Oh finally fucking today
My brain wanted to share again.
I willingly offered to bring Rachel goddess ghee chocolate, coconut oil chocolate and both again but with salt (in truffle form I think, haven’t decided yet). Isn’t it cool that decision will materialize into life tomorrow?
So I’ve been worrying about budget. In bragging news I’ve lived on about $6 every day for most of the days here, sometimes even less. I’ll just get a $2.50 shot of espresso, use $2.50 on the gas to Alpine. On the weekends no gas because I’ll stay for the weekend since Do Your Thing is Open, and then I’ll have a 1/4th of my $10 pound of meat and an egg.
At first it was scary, because if I needed over that I might get fucked. You see my budget was set and working, but now I’m going to a film festival in Arizona for a documentary I was in. I need to finish a book by then too : Loving Your Raped Body, that is changing to Loveng Your Raped Body (a lot of it will deal with allowing it to be wrong).
So in changing and worrying and concreting that resource assessment into fear in my brain I’ve been more ‘stingy’. I don’t want to go out as much/go to bars because my brain says. Hey! Hey! That $5 is food man.
So it keeps me in, and then I’ll hate it, and eat more, and get lost in brain resources feeling fragile and scared.
That’s been going on about the last two weeks. It’s been infuriating.
Today I cleansed my mind. It started last night. I went over the budget again and again, solidifying the dollars as having enough.
Things kept changing resource wise too. I was meant to have an extra $200 by now that hasn’t come through, and I might get $100 from the IRS by the 26th for taxes.
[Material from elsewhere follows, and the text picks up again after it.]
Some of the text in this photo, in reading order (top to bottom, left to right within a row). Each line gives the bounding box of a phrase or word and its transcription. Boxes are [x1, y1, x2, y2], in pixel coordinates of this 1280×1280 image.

So then I decided to even write an article of 10 Mental Disorders you can literally see for a website for $100 and it got stressful, probably because it rebounded on the resources fear.
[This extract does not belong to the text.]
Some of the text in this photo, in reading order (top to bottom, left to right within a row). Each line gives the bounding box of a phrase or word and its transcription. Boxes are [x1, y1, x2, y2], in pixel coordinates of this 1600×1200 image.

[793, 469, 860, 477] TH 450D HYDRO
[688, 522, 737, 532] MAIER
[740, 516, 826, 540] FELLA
It’s been intriguing to watch my brain through the battle.
I released all the resource potentials this morning. I was driving here, to Cedar Coffee and realized I was making myself hate the idea of sitting outside Do Your Thing and writing love tales for people. I started to rely on the idea of the money behind it.
Money. A potent resource. One we’ve attached so much need to.
This morning my brain said. “I don’t need them.” And in a ‘true’ way. The thoughts flowed as an after to my body.
Releasing that need I finally felt free. That weight lifted. I saw myself doing the tales and wanted to vs shuddered from it.
I thought of food and felt control. I knew I could wait til later, and loved it again. Fear of ‘needing’ food and not having enough makes you rebound from taste even I think.
I couldn’t taste as well. I ate fast. I ate with fear.
I’ll need to think and expand, but it is fascinating so far to watch resources as permanent brainsplosions of fear.
Sharing feels better. I want to keep it, and find how much it plays us.
For your cocoa ghee mind pleasure:
Oh yeah that fucking bowl is part of it.
I bought this necklace for $175
and tried to return it, but instead she said I had to do an exchange. Mind grrs.
I actually flipped the shop off two days ago, it felt freeing.
I nearly never hold vengeance, because I flop to understanding so quick and just want to understand it or automatically do.
Her pissed me off.
I understood. Artist. Someone elses art even. Sales are final.
My mind was angry because she has more resources.
And I had to buy a $115 bowl. That one.
View it as a sculpture.
I love sculptures.
Favorite form of art
*mind redirects into love through ‘sculpture’ connection*
It worked automatically
Still hate the fucking cup though. It’s at home so I’ll upload a picture of that later.
Honstely I’m thking of showing her the ghee blog post with the bowl (at Mind Lifting Mouthgasms) and then randomly trying to lace in the words of returning just the cup to find a loving compromise of money.
*thinks* come on love, you’re a writer bard.
I actually feel really attached to that bowl now.